#### What you will do:
Word for word, restate the records that come next, omitting the images.

#### Materials provided

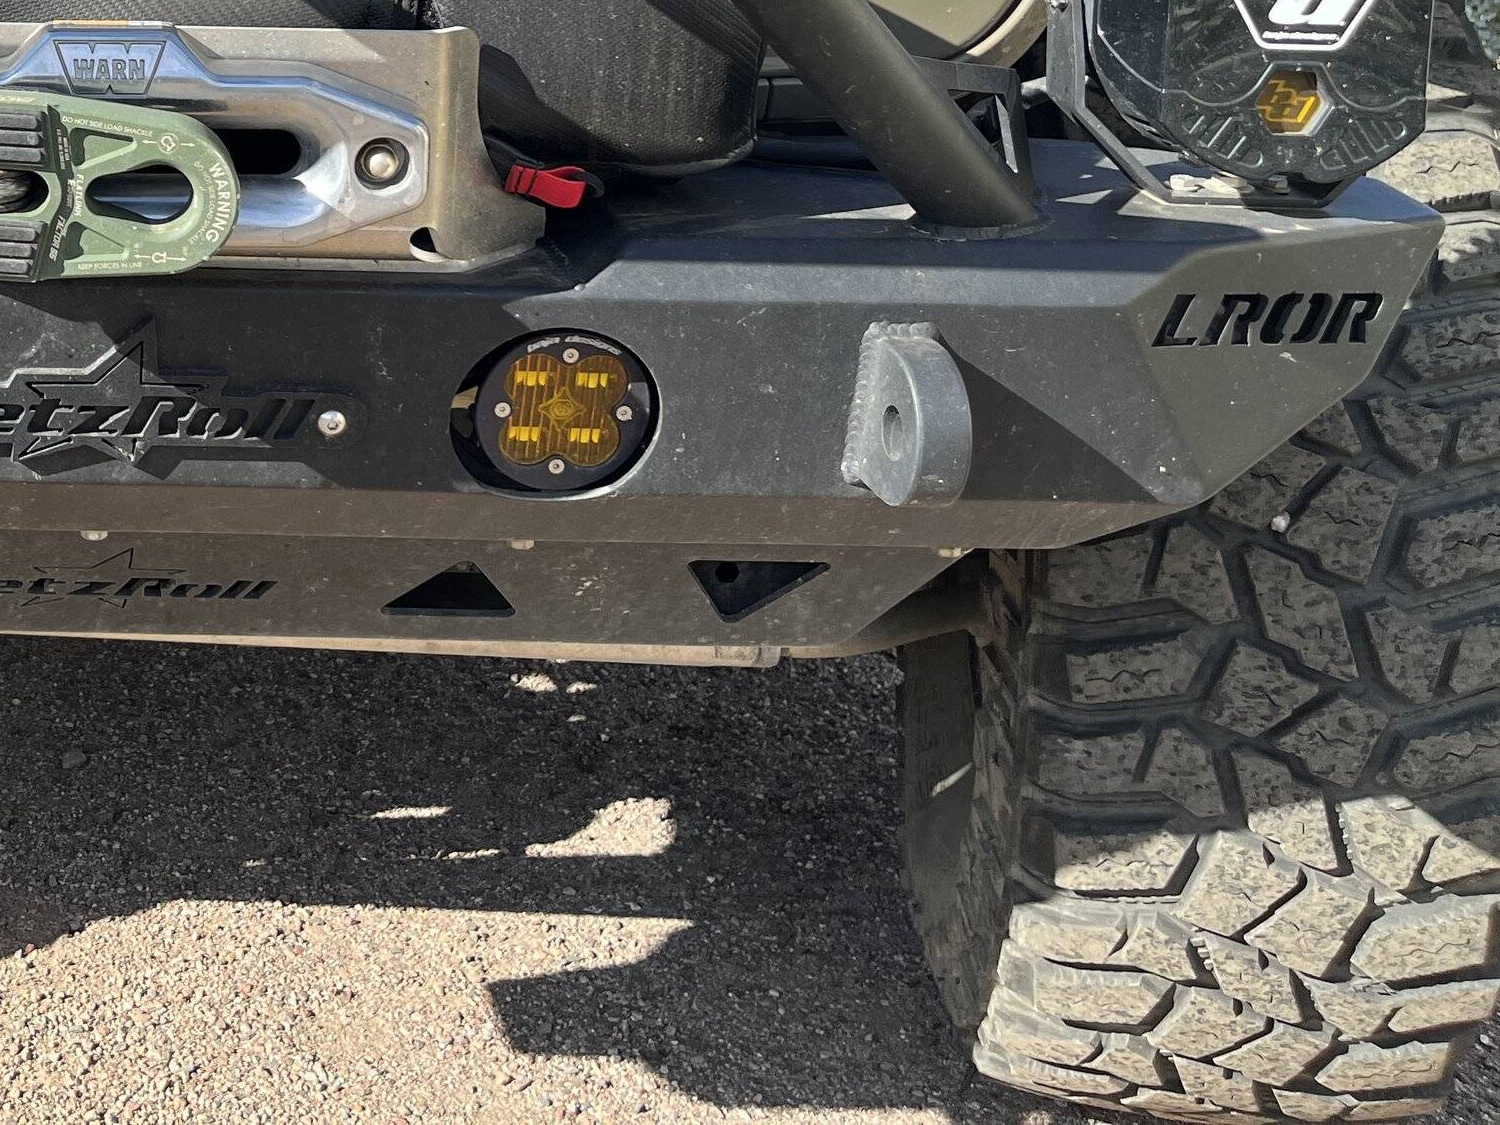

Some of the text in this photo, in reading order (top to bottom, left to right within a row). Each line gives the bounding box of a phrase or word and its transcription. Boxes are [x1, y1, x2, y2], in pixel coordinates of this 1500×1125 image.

[73, 58, 145, 80] WARN
[104, 123, 123, 132] LOAD
[73, 173, 84, 217] FLATLINK
[205, 162, 231, 243] WARNING
[51, 215, 66, 249] FACTOR
[77, 262, 94, 270] KEEP
[1151, 291, 1384, 347] LROR
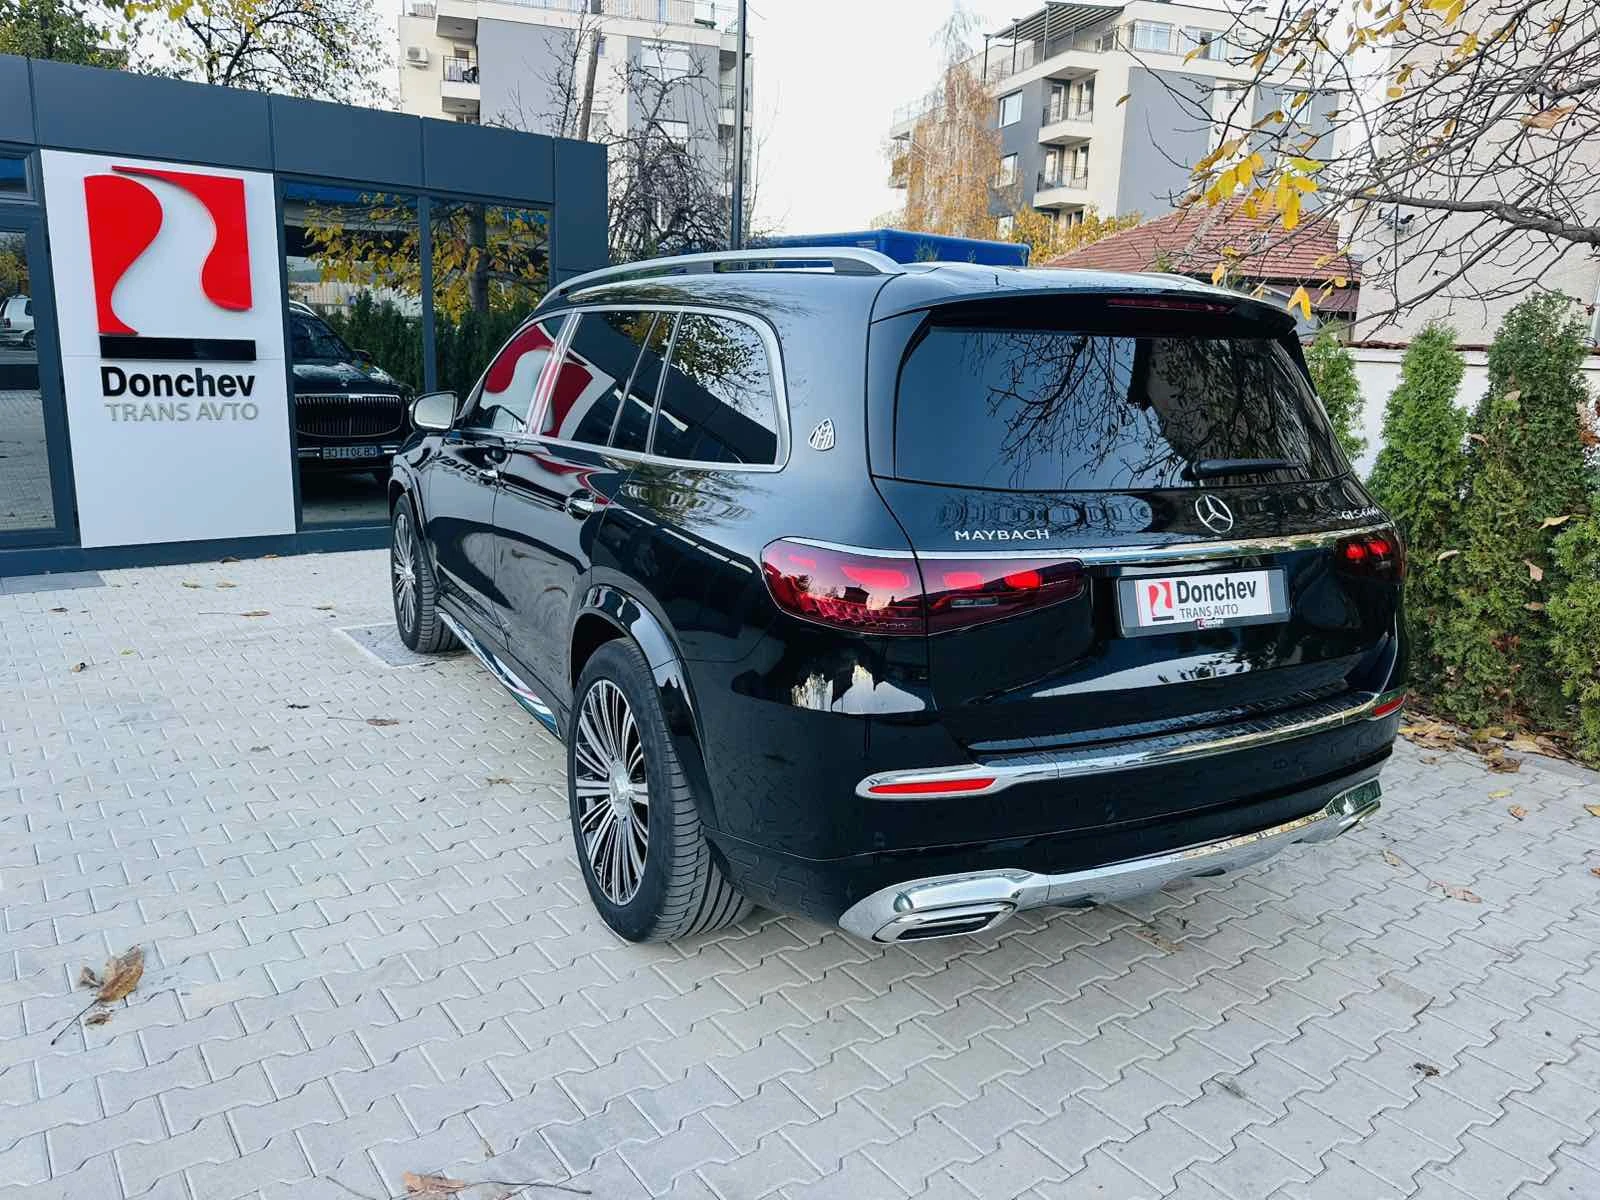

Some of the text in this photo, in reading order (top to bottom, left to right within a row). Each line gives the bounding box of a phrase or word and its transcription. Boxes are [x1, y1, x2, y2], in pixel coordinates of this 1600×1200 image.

########

#### Task response:
Some of the text in this photo, in reading order (top to bottom, left to right within a row). Each line gives the bounding box of a phrase or word and its transcription. Boxes are [x1, y1, x2, y2], in pixel coordinates of this 1500×1125 image.

[73, 58, 145, 80] WARN
[104, 123, 123, 132] LOAD
[73, 173, 84, 217] FLATLINK
[205, 162, 231, 243] WARNING
[51, 215, 66, 249] FACTOR
[77, 262, 94, 270] KEEP
[1151, 291, 1384, 347] LROR

Some of the text in this photo, in reading order (top to bottom, left to right within a row). Each line gives the bounding box of a phrase or word and its transcription. Boxes are [x1, y1, x2, y2], in pixel coordinates of this 1600×1200 image.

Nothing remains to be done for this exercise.